The Sinn Fein case against republican armed dissidents, currently trying to revive the ‘armed struggle’ is basically this:
We fought a noble and brave struggle and took the war to the British for decades and retired from the field of battle undefeated. Our current objection to war is that it is counterproductive and that it is wrong to impose such suffering on people when an alternative exists. We are in a new phase of the struggle. We have found a means by which we can achieve a united Ireland through peaceful politics. Any republicans who are complicating this for us by political violence are traitors to the Irish people.
There are problems with this case:
The Provisional IRA campaign was not qualitatively different from that of the dissidents. It inflicted grotesque and unwarranted suffering on many innocent people and achieved nothing. It had no prospect of achieving a united Ireland. The Provisionals ended their campaign, not as an undefeated army but as an army going nowhere. The peace process enabled it to retire from the armed struggle with dignity, and most of us are glad they did. But the new political context, in which they now operate, offers no realistic prospect of a united Ireland either. If it did, the DUP would want no part in it.

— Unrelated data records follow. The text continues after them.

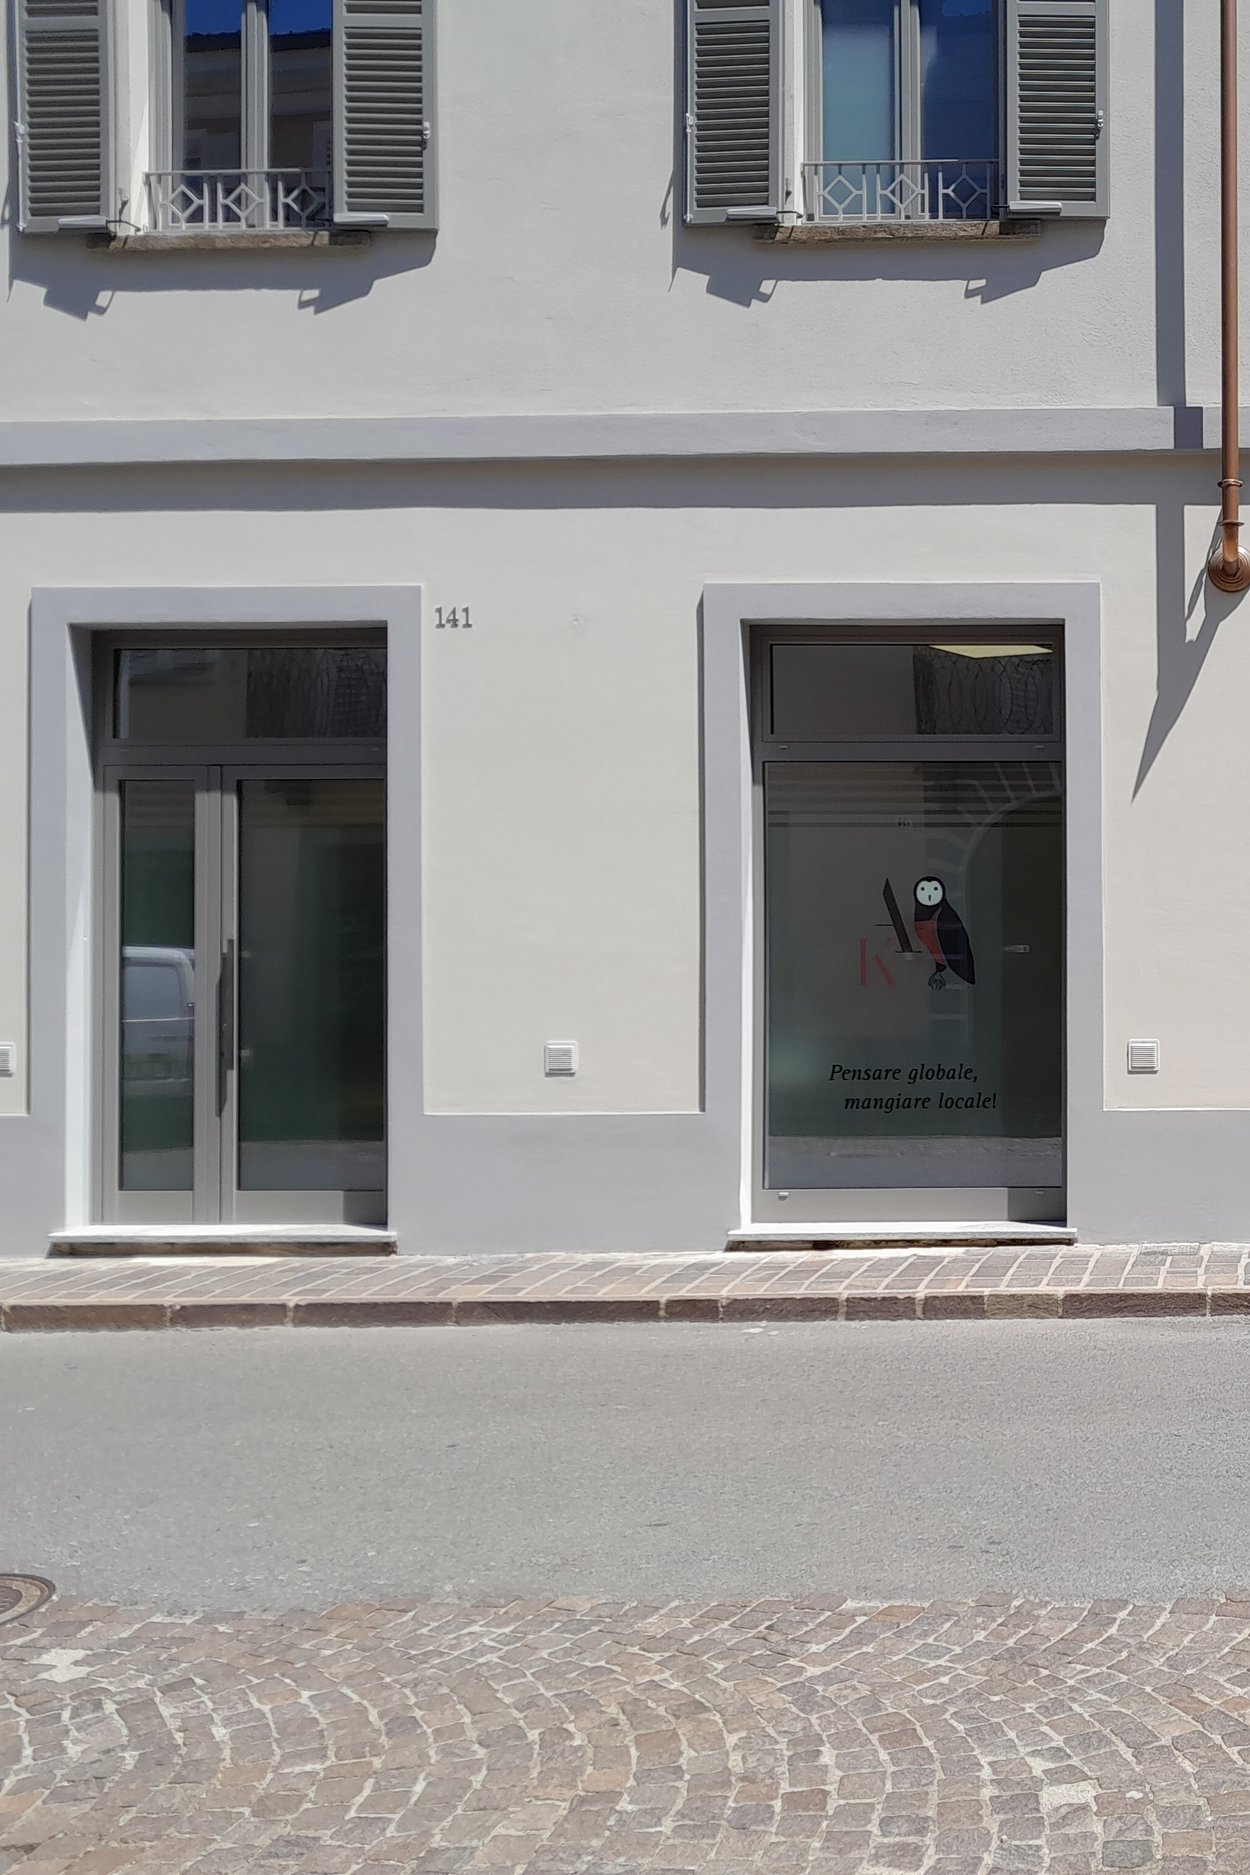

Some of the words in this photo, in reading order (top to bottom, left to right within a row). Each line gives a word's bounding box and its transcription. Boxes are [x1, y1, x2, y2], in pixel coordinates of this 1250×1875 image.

[434, 606, 473, 629] 141
[828, 1064, 902, 1081] Pensare
[907, 1063, 979, 1084] globale,
[844, 1094, 931, 1114] mangiare
[938, 1092, 997, 1110] locale!

So what should the Sinn Fein leaders be saying to young people who are tempted to join the dissidents?
They should say: It was all an ignoble waste of life and energy. We were wrong to pursue a war that could take us nowhere, but we were young and angry, and much of the time we were reacting to broader circumstances we had no control over. We achieved nothing other than the stalling of a political compromise like the one we finally accepted. We were right to accept it and wish we had been able to settle for it thirty years earlier.
The problem is that Sinn Fein is still bound by myths, must pay homage to its own fallen heroes and must try to persuade the base that it is still republican, though it is no more republican now than British Labour is socialist.
When Stalin died, Kruschev could drive a stake in his heart and own up to the crimes of the past.
When the current leaders of Sinn Fein go, their successors – the true inheritors of constitutional nationalism – will be free to say: we were wrong.
Until then they will perpetuate myths that can ennoble armed struggle and cheapen their own politics. It is an awful pity we can’t have the clarity now that we need and will inevitably get later on, from some future SF leader who will find it costs nothing to speak the truth. And that it is worth speaking plainly and honestly if there is a chance that it will discourage those who , soaked in the nonsensical myths of republican glory, might be tempted to claim a little of that glory for themselves.